### Directions for this task
Return all the data below as it stands, minus the pictures.

-- Opening Marker --

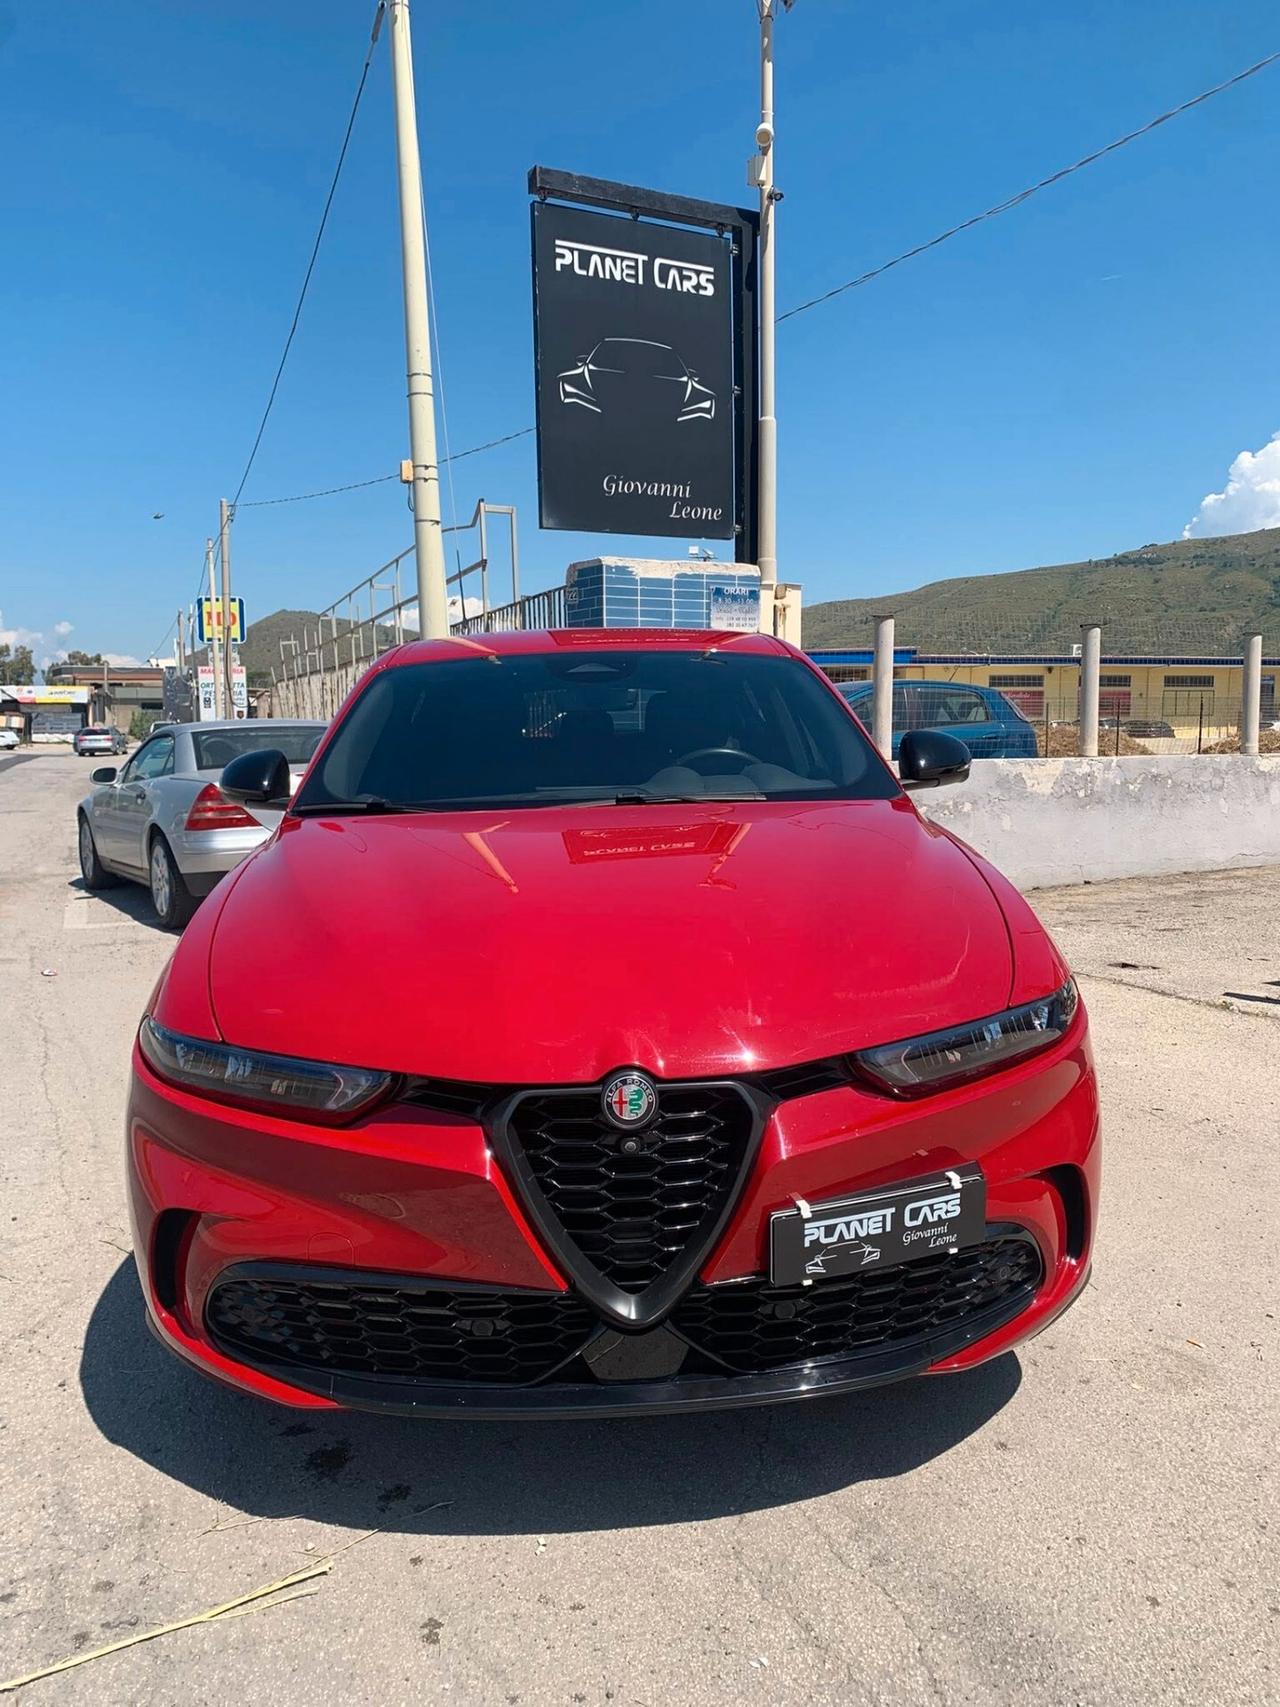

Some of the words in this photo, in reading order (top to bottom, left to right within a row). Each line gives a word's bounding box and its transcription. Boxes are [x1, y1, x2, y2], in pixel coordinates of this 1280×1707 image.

[555, 240, 649, 285] PLANET
[654, 257, 715, 297] CARS
[603, 475, 691, 499] Giovanni
[669, 502, 723, 521] Leone
[724, 587, 748, 595] ORARI
[606, 1081, 624, 1104] ALFA
[626, 1078, 654, 1103] ROMEO
[804, 1206, 897, 1248] PLANET
[904, 1192, 961, 1227] CARS
[902, 1222, 949, 1246] Giovanni
[928, 1233, 958, 1249] Leone

-- Closing Marker --

### Exercise response
Some of the words in this photo, in reading order (top to bottom, left to right within a row). Each line gives a word's bounding box and its transcription. Boxes are [x1, y1, x2, y2], in pixel coordinates of this 1280×1707 image.

[555, 240, 649, 285] PLANET
[654, 257, 715, 297] CARS
[603, 475, 691, 499] Giovanni
[669, 502, 723, 521] Leone
[724, 587, 748, 595] ORARI
[606, 1081, 624, 1104] ALFA
[626, 1078, 654, 1103] ROMEO
[804, 1206, 897, 1248] PLANET
[904, 1192, 961, 1227] CARS
[902, 1222, 949, 1246] Giovanni
[928, 1233, 958, 1249] Leone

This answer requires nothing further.